There is the temperature, the particles are vibrating excitingly and if you change this and turn the temperature up, this will change the randomness, as it approaches zero the model is deterministic and repetitive and if high it will be chaotic and produce randomness. Moving the parameters can make it happen, with Azure OpenAI you can't turn the temperature to two as it becomes too random. When increasing temperature it is increasing randomness, it is all probabilistic, when lower it to zero it will take the next most probable token, as you increase it up to one you are going to start to sample from a whole new set of words, it will continue to get more creative that are a list of probabilities that are a bit lower down the list. With Bing Chat modes are adjusting that temperature between more precise and more creative. There is also a parameter for maximum response, where you can manage this where you want to build an application to give answers quickly and efficiently by reducing that maximum response. These parameters are very delicate so will want to do some testing and learn.
Token looks like a word, but all the word of averages such as four characters is a word so a longer word will be broken down into pieces, it is not useful for users to know how the tokens are being broken down but just need to consider these sort of things when phrasing things in an application, it is not looking at works, it is seeing tokens, it is numbers and statistics - it will come back with different things every time as it doesn't truly understand. But with enterprise applications you can ground it to something that doesn't go off and do other things. Will hear the word hallucinate quite a lot, it is not hallucinate so talk about grounding an AI in reality such as GitHub Copilot which is good at code but it won't book a holiday or choose favourite pack of biscuits.
When you clear a conversation in the AI you are removing context, how specific you should be - what is a prompt engineer? That grounding is to tell an AI what it is meant to be good at and need to know what you are asking, we have learned with search engines, if you provide it with what is needed then you can get the outcomes you want. How do you prevent an AI with coming up with something problematic? There can be layers of mitigation including at the model layer then can have a safety system with a lot of understanding from the Microsoft and OpenAI side including unsuitable content then at application layer can have mitigation for meta prompt and grounding by giving guidance and research for this with the system message at the user interface - you can make it easy in Bing to change between Creative and Precise without mentioning Temperature. Platform is the Azure Open AI Service, and the Application is what you want to build on this.
You may want to consider adding in some rules with the system message - so can guide it such as refusing to engage in argumentative behaviour. With jailbreaking people can inject things into the model and get it to do things so these rules can help it response in a way that makes sense. If you get it to tell you the rules and then you can tell it to change those rules. The AI will try to follow the rules, but you can try to bypass that. You can catch issues higher up and can have the user experience filter and catch things and Azure OpenAI service can catch things going in and going out. Consider how you are building things into an application.

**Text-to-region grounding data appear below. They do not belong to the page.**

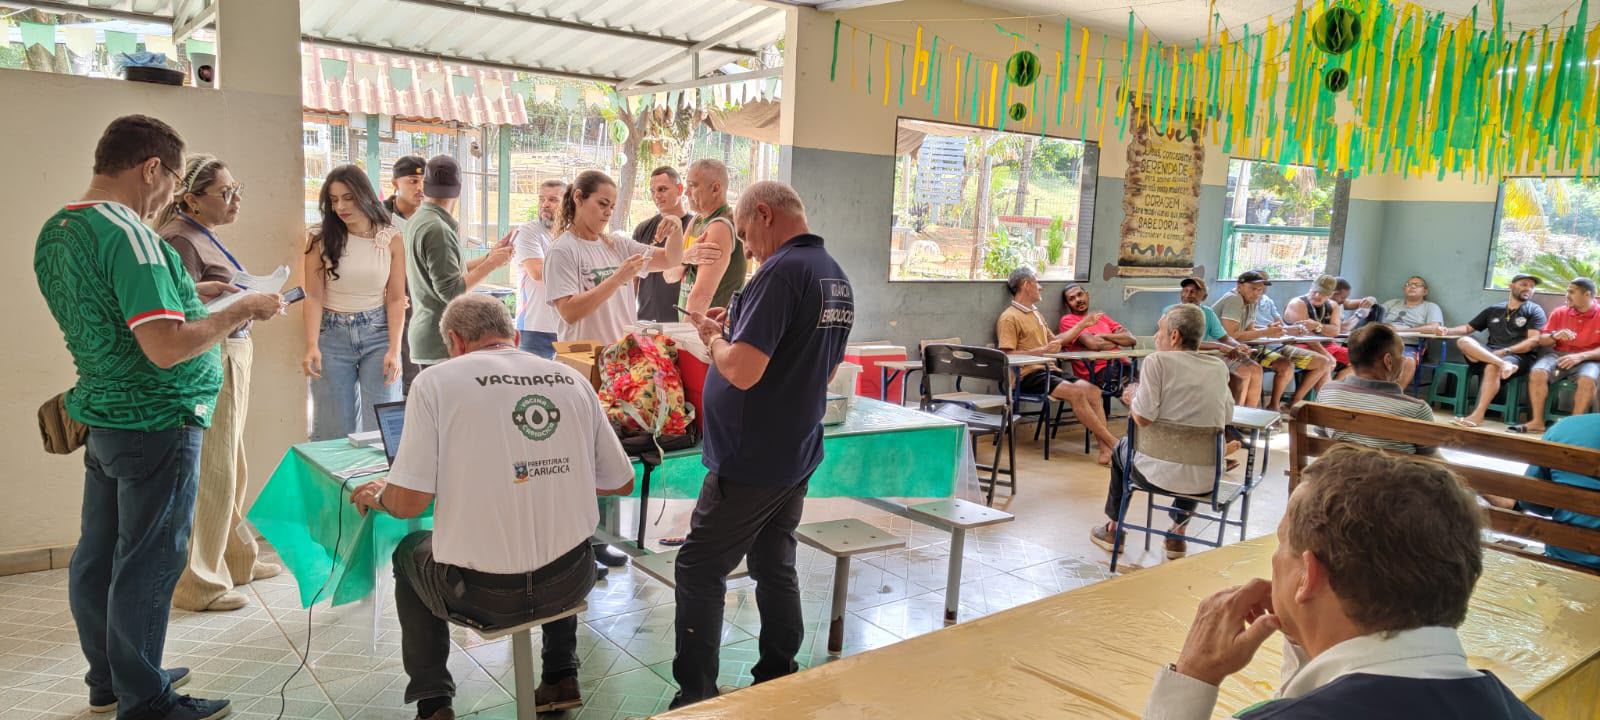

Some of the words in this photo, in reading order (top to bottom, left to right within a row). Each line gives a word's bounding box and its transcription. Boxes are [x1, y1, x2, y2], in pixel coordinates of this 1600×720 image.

[1140, 158, 1188, 176] SERENIDADE
[1144, 194, 1180, 210] CORAGEM
[1138, 216, 1179, 232] SABEDORIA
[475, 371, 575, 387] VACINAÇÃO
[527, 458, 562, 467] PREFEITURA
[529, 464, 571, 477] CARIACICA

Understanding this more deeply than just messing around is extremely important, if it does things without filters then that is your fault. If you are going to treat a UI as a user interface have to respect how it will return information to the user. When creating websites, you would know not to trust the input, the now the web will be just a big text area and they can paste whatever they want - that is overwhelming. People could coerce your model to do things it wasn't designed to do.
You can't consider how large these generative models are with billions of parameters, human brains don't deal with exponentiality very well. Building chatbots that are specific to your application. You will have the foundational models and will have AI infrastructure to run these on then will have semantic kernels and then will have a Copilot you will build upon that. For example you could build something to summarise text, this means you can practice and see what comes back and start creating an application on top of this, but you might want to have multiple layers to make it more sophisticated. There is an Azure Search Open AI Demo that can be trained on local information and can be used to create documentation that can be expressed in a vector database. Using a large language model on documentation and asking questions about it, could take a book and have it ingest your work and can be done privately on your own data.
One of the Copilots you might want to build on top of is GitHub Copilot, you just want it to talk about code. What is the uncanny valley of creepiness = it should be a pair programmer and it should see only what is on screen. What are the sorts of things you can do with GitHub Copilot is you can direct it to a particular topic with slash-commands, if you want help such as explanation of some code. You need to select the code so when you say “this” what does that mean, so if you need to get it to explain the whole file you need to select the whole file or don't have anything selected. You can also get GitHub Copilot to generate Unit Tests for the selected code. Do you just copy and paste these, but they are a suggestion of what to use and you can use what you need. This could make junior developers more junior faster, can be like copying from StackOverflow and not understanding the code, it is a tool to advance yourselves, it is not a tool to replace you. It would take a lot of time to generate your own tasks so can help reduce time working on mundane tasks and get on with the things you need to do. What can GitHub Copilot see is the file that is currently open, and what is needed. Future Copilots may be something that could look at the history and ask it questions about issues in the past.
You could find some security vulnerabilities in your code with GitHub Copilot. We have 650% increase in software supply chain attacks as much code is borrowed code from components and we can't live without them, have to be careful about what you bring into your codebase, you can do codescanning for code you are building yourself and can do secret scanning for any hard coded API keys. Developers are the first line of defence and know if doing the wrong thing and need to be able to scan for secrets and make sure they are not being committed. 44% of developers are not trained to code securely, you can ask GitHub Copilot if the code is secure? It will then list them and you can even format this as needed, there is also GitHub Code Security to help with this but with GitHub Copilot you can do this from your IDE. It can pick up vulnerabilities such as secrets embedded and cross-site scripting issues and remember security is everyone's responsibility.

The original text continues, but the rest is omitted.